Waldo & Associates Inc.

Selling even to competitors, the corporation says clever designs sustain it
Written by: 
Christine Fisher
Produced by: 
Dana Merk-Wynne

In 2009, Rick Cottier made national news for unintentionally growing a tomato that looked like a rubber duck. While his 15 minutes of fame passed, the planter that he grew the tomato in is still one of the niche products sold by his company, Waldo & Associates.

The Ohio-based, midsized horticulture products distributor and manufacturer sells “almost everything” to greenhouses and commercial growers across the U.S., Cottier says. While it doesn’t sell seeds or bulbs, it does sell greenhouse structures, heating and cooling systems, irrigation systems and consumables, including growing containers, pesticides and fertilizers.

Waldo & Associates Inc.

Cottier admits that horticulture isn’t a large industry and, within the industry, Waldo & Associates isn’t the biggest player. But the company’s niche products, including a unique approach to sign making and quality customer service, help it stand out.

Notable niche products

Waldo & Associates was established in 1980; Cottier and his three business partners, Kim Bunge, Ken Lewandowski and Martin Cipriani, purchased the company in 2004, when the founder Waldo Donaho died.

In 2014, the partners purchased Premium Horticulture Supply Co, in Louisville, Kentucky, and today the expanded Waldo & Associates has 28 full-time employees and a national network of customers.

Cottier is aware of the company’s modest position in the market. As he explains it, the horticulture industry has three tiers of product distributors—three large players at the top, about 10 companies in the middle and approximately 50 to 75 smaller companies.

While Waldo & Associates primarily services medium and small greenhouses, garden centers, nurseries and landscapers, Cottier says every one of Waldo & Associates’ U.S.-based competitors purchase product from the company.

“We have a distributor program that we call Greenhouse Specialties, and through that, we offer products to other distributors, and we have some products that we own all the rights to, so [competitors] can’t get them through anyone else,” he says.
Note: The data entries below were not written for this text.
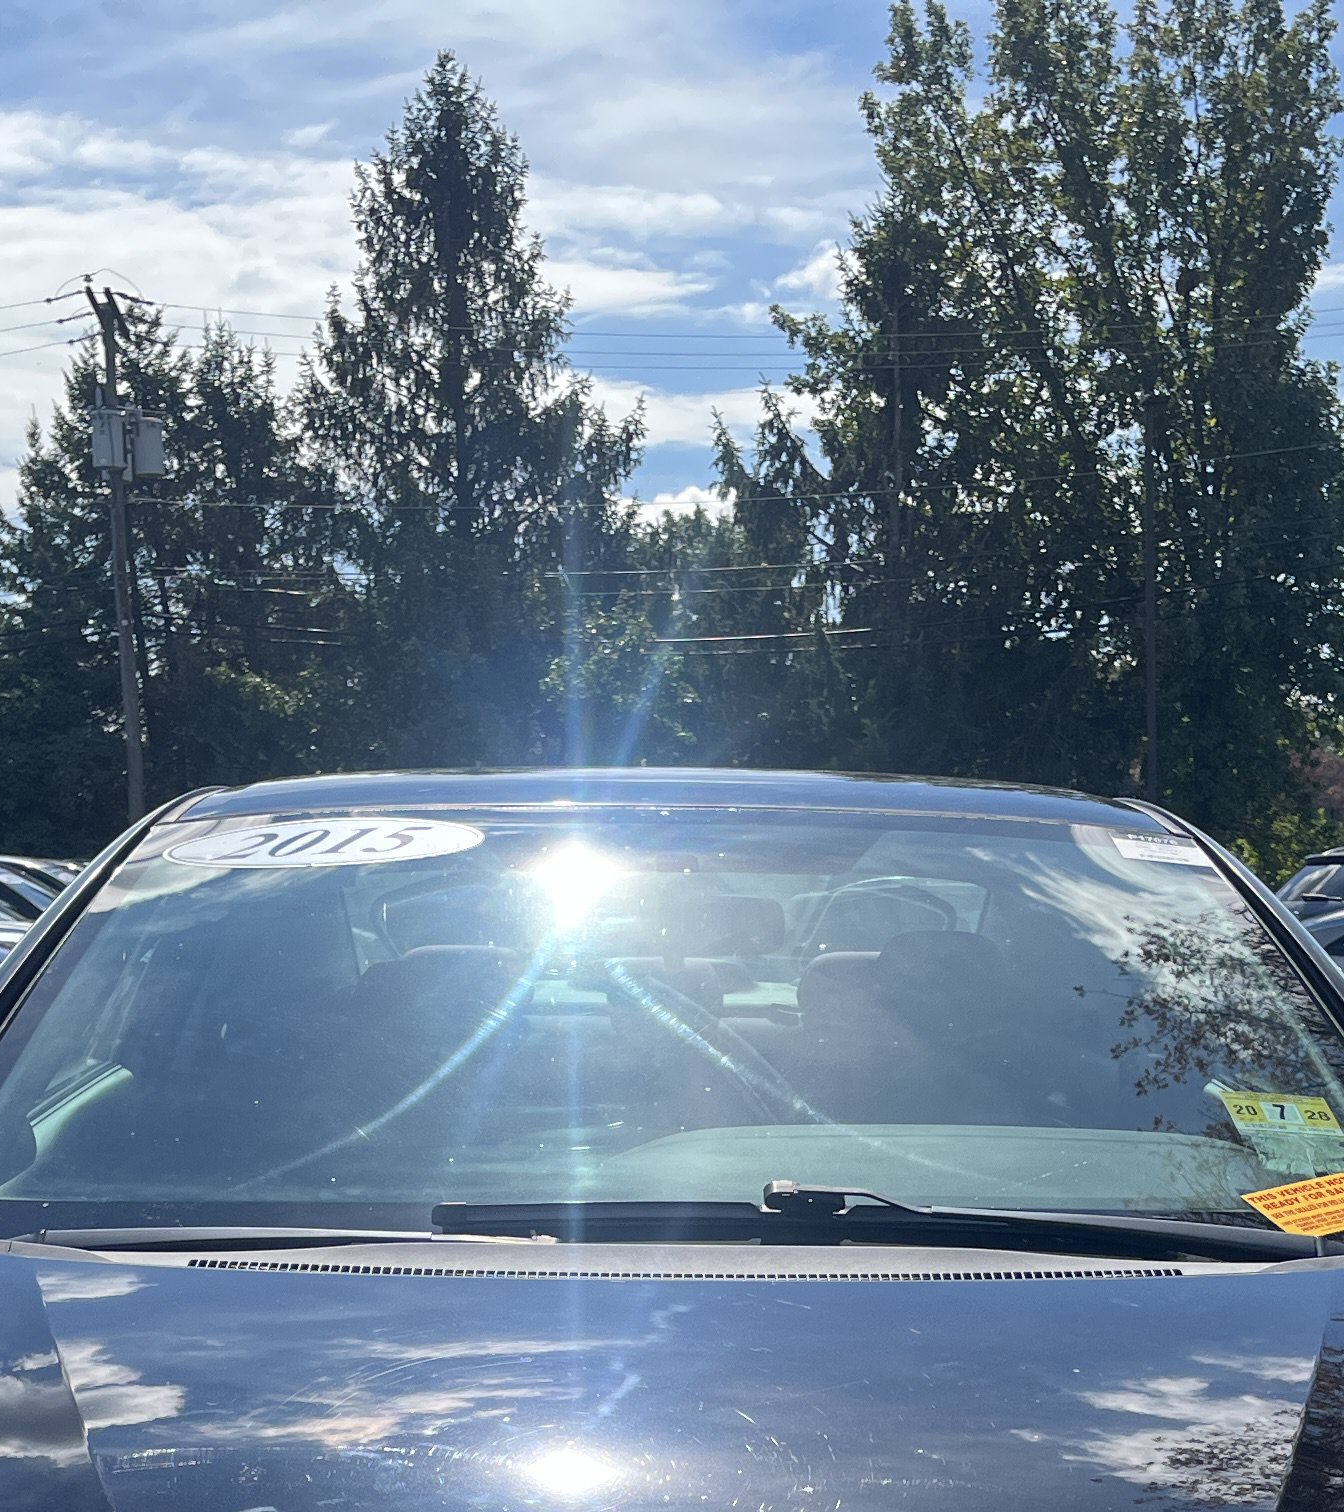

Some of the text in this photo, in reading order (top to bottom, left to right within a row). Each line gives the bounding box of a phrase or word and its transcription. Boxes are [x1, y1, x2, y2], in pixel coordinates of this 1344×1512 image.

[208, 826, 434, 861] 2015
[1232, 1104, 1258, 1116] 20
[1272, 1103, 1286, 1120] 7
[1304, 1109, 1331, 1121] 28
[1248, 1191, 1277, 1204] THIS
[1278, 1181, 1326, 1198] VEHICLE
[1262, 1197, 1301, 1211] READY
[1302, 1191, 1325, 1203] FOR
One of the company’s best-selling products is its Wonder Waterer. Donaho developed the device in order to water seedlings and flowering plants without applying too much force or pressure. Waldo & Associates now owns all of the tooling for the Wonder Waterer, and in a given year, it sells approximately 5,000 of them.

The company’s other niche products include its line of “Nature-Real™” decorative containers made with natural fibers, such as black rattan, water hyacinth, palm leaf, banana leaf and many other natural products; its ultimate garden basket and ultimate tomato basket, which grew the rubber duck tomato; space-saving baskets and metallic-finish containers.
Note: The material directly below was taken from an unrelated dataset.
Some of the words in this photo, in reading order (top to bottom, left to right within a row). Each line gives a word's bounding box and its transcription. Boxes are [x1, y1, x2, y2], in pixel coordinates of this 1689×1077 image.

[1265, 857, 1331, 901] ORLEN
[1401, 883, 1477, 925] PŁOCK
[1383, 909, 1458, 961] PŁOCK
Waldo & Associates’ customers have come to expect new and niche products.

“Every time we [visit] a customer, the first thing they want to know is what’s new,” Cottier says.

To keep the new product ideas flowing, Cottier travels to Asia every year or two, visiting factories and trade shows like the China Import and Export Fair. When it comes to production of commodity items like basic grower pots, though, Waldo & Associates tends to keep its manufacturing in the U.S., which simplifies logistics and product-delivery times.

“I personally really handle most of the design and stuff,” Cottier says. “A lot of times when I’m at the factories, I’ll present them with the design, and usually they can make a prototype before I leave.”

A traveling print shop

It’s not just niche products that distinguish Waldo & Associates. Its niche service—printing—helps the company stand apart, too.

The company’s founder, Donaho, recognized that commercial growers needed signs to protect workers and customers from pesticides that were sprayed on the plants. Cottier came up with the idea to offer signs that distinguish plant types and guide customers through their properties. Donaho started the printing aspect of the company as a way to “bring the print shop to the customers.”

“In our industry, most customers have always been afraid to go to print shops basically because the first impression is that it’s going to cost a lot of money and the second one is that they’re not going to understand what we’re talking about because how do you spell Geranium and Impatiens and where do you get pictures of them?”

Today Waldo & Associates uses a commercial-grade digital printer that’s 13 feet long and can produce photo-quality images on any material, as long as it’s less than two inches thick and has a flat surface to print on. The company specializes in signs and banners.

While Waldo & Associates’ success is partly due to its niche products and niche printing service, Cottier says, “It all comes down to customer service—what we offer to our customers and making sure they have the products they need when they need it.”

“Even though we’ve grown a lot in the last 10 years, we’re still a family-run type of business,” Cottier says. “We might be a corporation, but we’re not so big that we don’t know who our customers are.”